In an article recently published in the journal ACS Applied Energy Materials, researchers discussed the utility of a mediated lithium-sulfur (LiS) flow battery for grid-scale energy storage.

Study: A Mediated Li−S Flow Battery for Grid-Scale Energy Storage. Image Credit: asharkyu/Shutterstock.com

Background

For grid storage applications, there is a pressing demand for safe, low-cost, and dependable high-capacity batteries. Non-aqueous redox flow batteries (RFBs) allow for greater voltages outside of the water voltage stability window and are compatible with alkali metal anodes with ultrahigh energy density.

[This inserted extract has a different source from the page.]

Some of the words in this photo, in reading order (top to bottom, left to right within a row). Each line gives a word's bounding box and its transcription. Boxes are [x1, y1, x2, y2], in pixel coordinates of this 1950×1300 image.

Redox-targeting is an approach for increasing RFB solubility that uses soluble redox-active molecules (redox mediators, RMs) to oxidize and reduce solid energy-storing materials. It is believed that by combining the unique concepts from the Li-metal anode and RFB communities, a high-performing mediated LiS RFB can be created.

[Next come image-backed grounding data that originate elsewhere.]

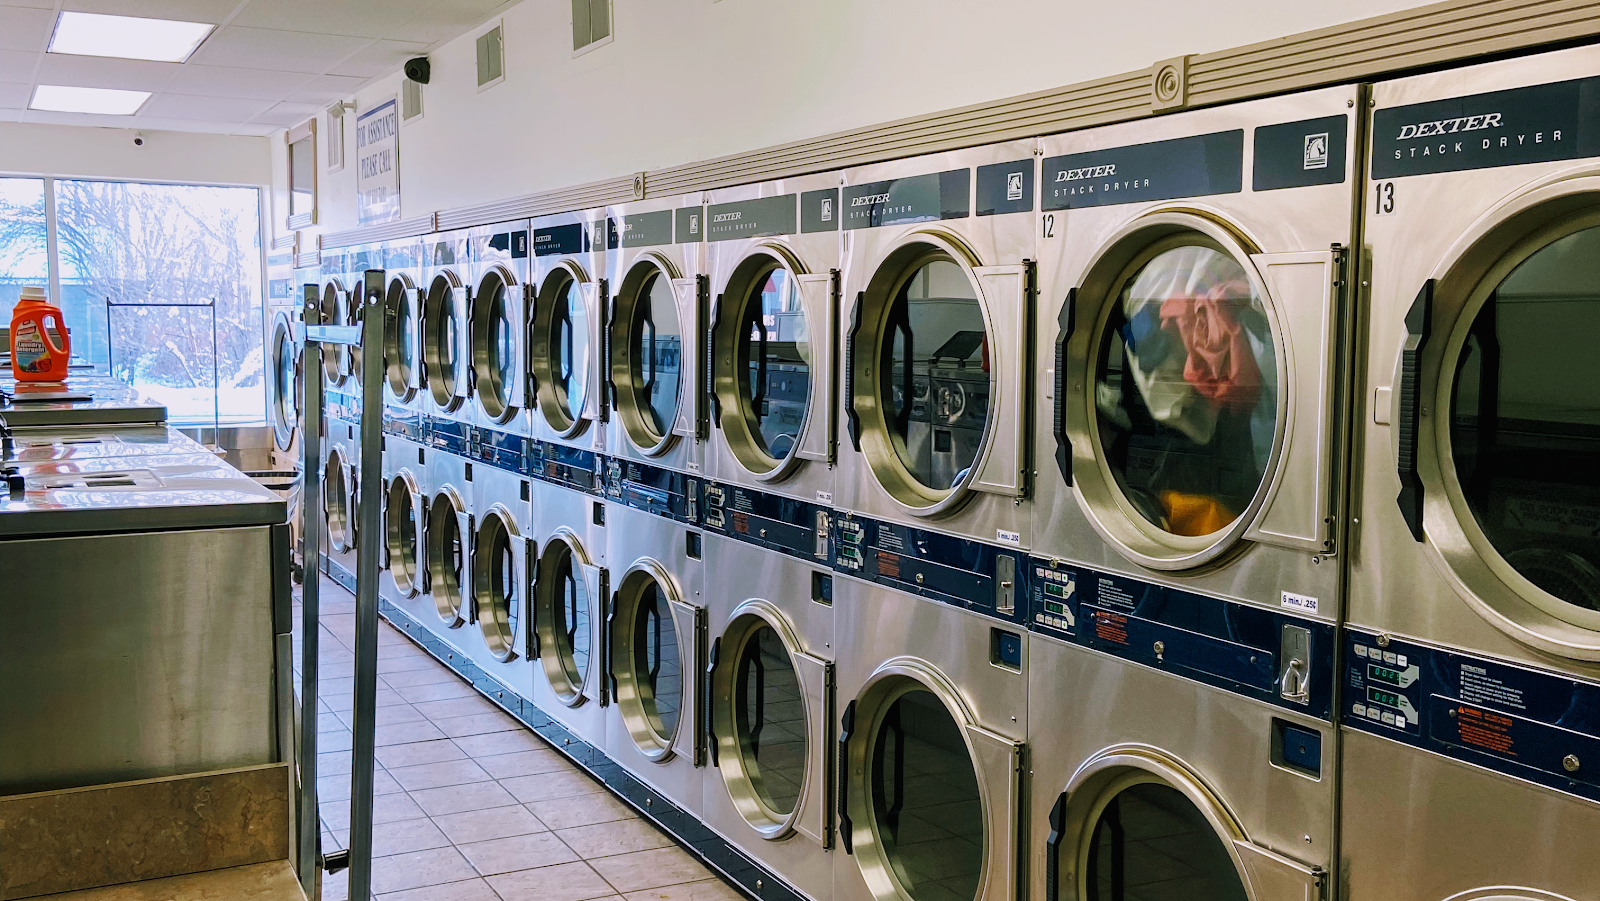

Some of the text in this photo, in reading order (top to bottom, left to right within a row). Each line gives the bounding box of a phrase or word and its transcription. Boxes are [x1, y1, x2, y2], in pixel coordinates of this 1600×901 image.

[358, 113, 394, 148] FOR ASSISTANCE
[1396, 112, 1503, 141] DEXTER
[1394, 129, 1562, 160] STACK DRYER
[361, 148, 391, 180] PLEASE CALL
[1055, 164, 1116, 183] DEXTER
[1054, 178, 1150, 197] STACK DRYER
[850, 192, 891, 207] DEXTER
[1375, 181, 1395, 215] 13
[713, 211, 742, 223] DEXTER
[850, 205, 913, 219] STACK DRYER
[712, 222, 757, 233] STACK DRYER
[1042, 213, 1054, 239] 12
[843, 232, 849, 253] 11
[1283, 595, 1287, 603] 6

Lithium-sulfur provides battery chemistry that is appealing due to its high energy density and cheap sulfur cost. For reasons of safety, scalability, and affordability, scaling up to the MWh needed for grid-scale energy storage necessitates a new strategy.

a) Static cell design, b) flow cell design

a) Static cell design, b) flow cell design. Image Credit: Meyerson, M. L. et al.,  ACS Applied Energy Materials

About the Study

In this study, the authors presented a redox-targeting approach and its integration with the designed Li solid electrolyte interphase (SEI) to create a high-efficiency, scalable, membrane-less LiS redox flow battery. The Li anode was contained in the electrochemical cell in this hybrid flow battery architecture, while the solid sulfur was kept safe in a different catholyte reservoir, and the electrolyte was pushed over the sulfur and into the electrochemical cell.

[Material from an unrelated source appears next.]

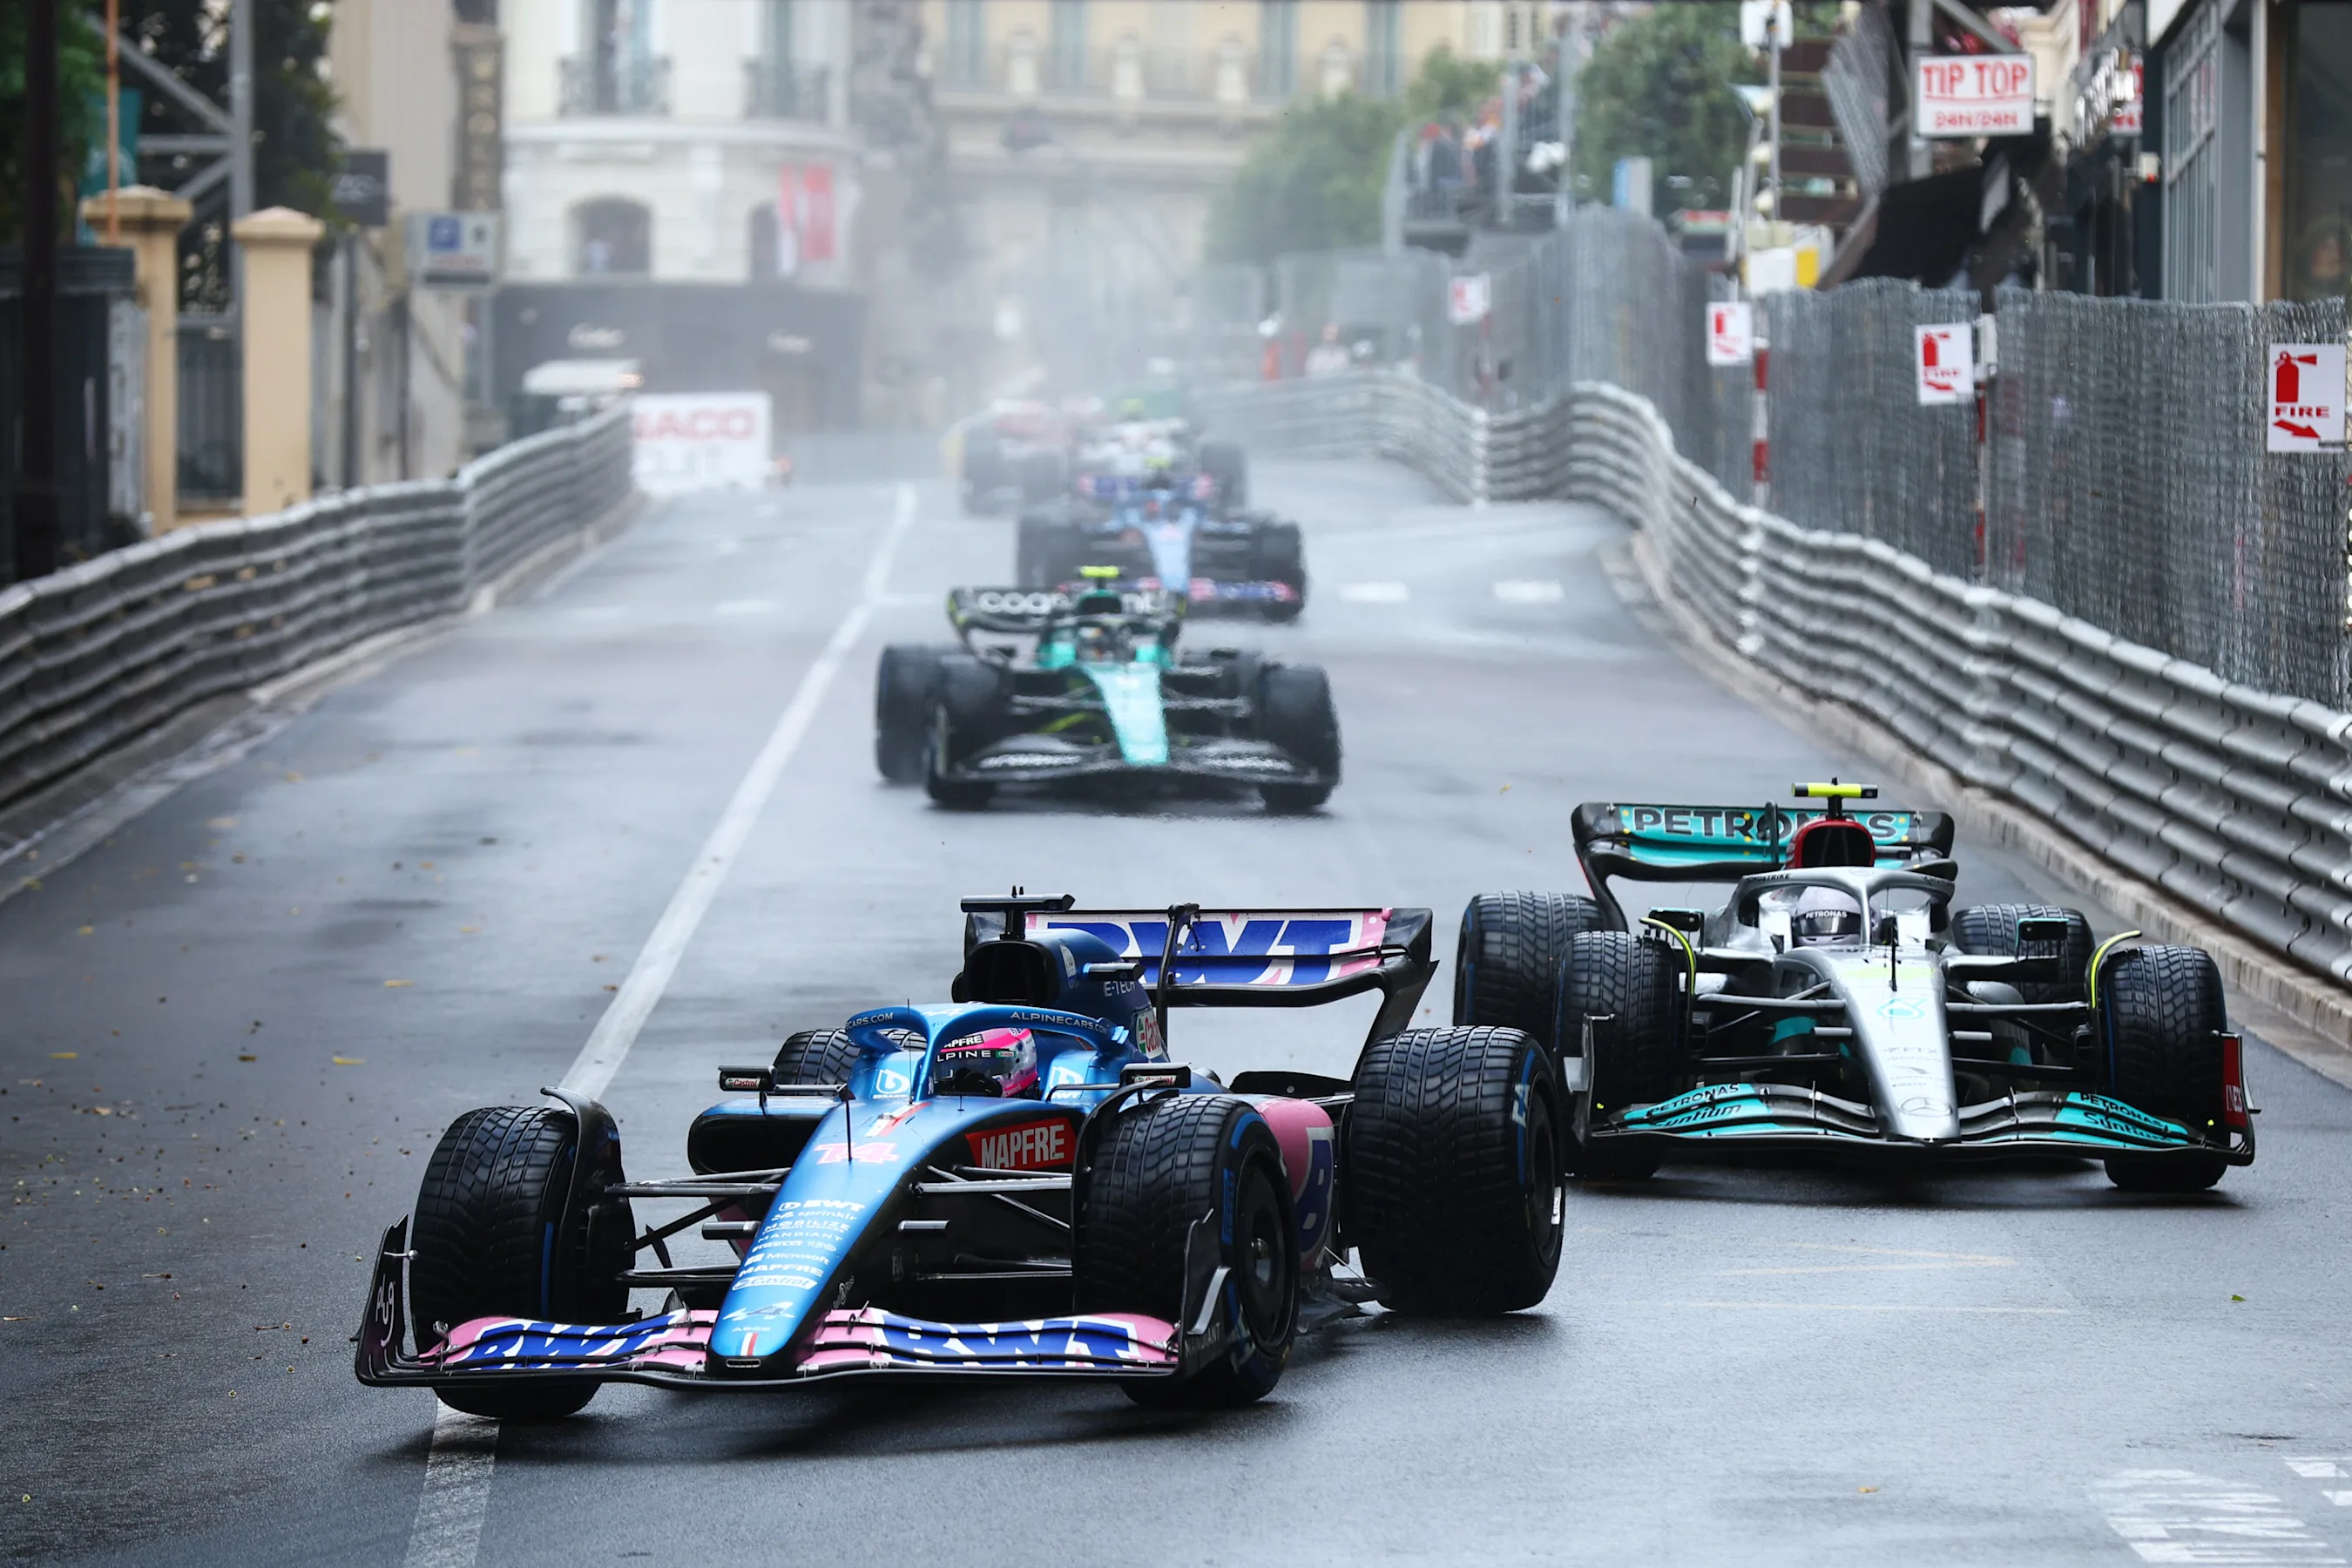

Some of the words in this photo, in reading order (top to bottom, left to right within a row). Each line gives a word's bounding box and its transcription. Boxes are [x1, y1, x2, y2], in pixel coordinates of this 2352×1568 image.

The team used decamethylferrocene (DmFc) and cobaltocene (CoCp2) as redox mediators owing to their electrochemical simplicity and capability to initiate the corresponding initial reduction of solid S into the soluble polysulfides and the final reduction of polysulfides into the solid Li2S without the use of conductive carbons.

The researchers used electrochemical and spectroscopic approaches to verify the efficacy of the proposed processes in static cells. The LiS chemistry from static cells, redox mediation, and a flow cell design were combined to effectively adapt the LiS chemistry for use in a mediated and membrane-less RFB.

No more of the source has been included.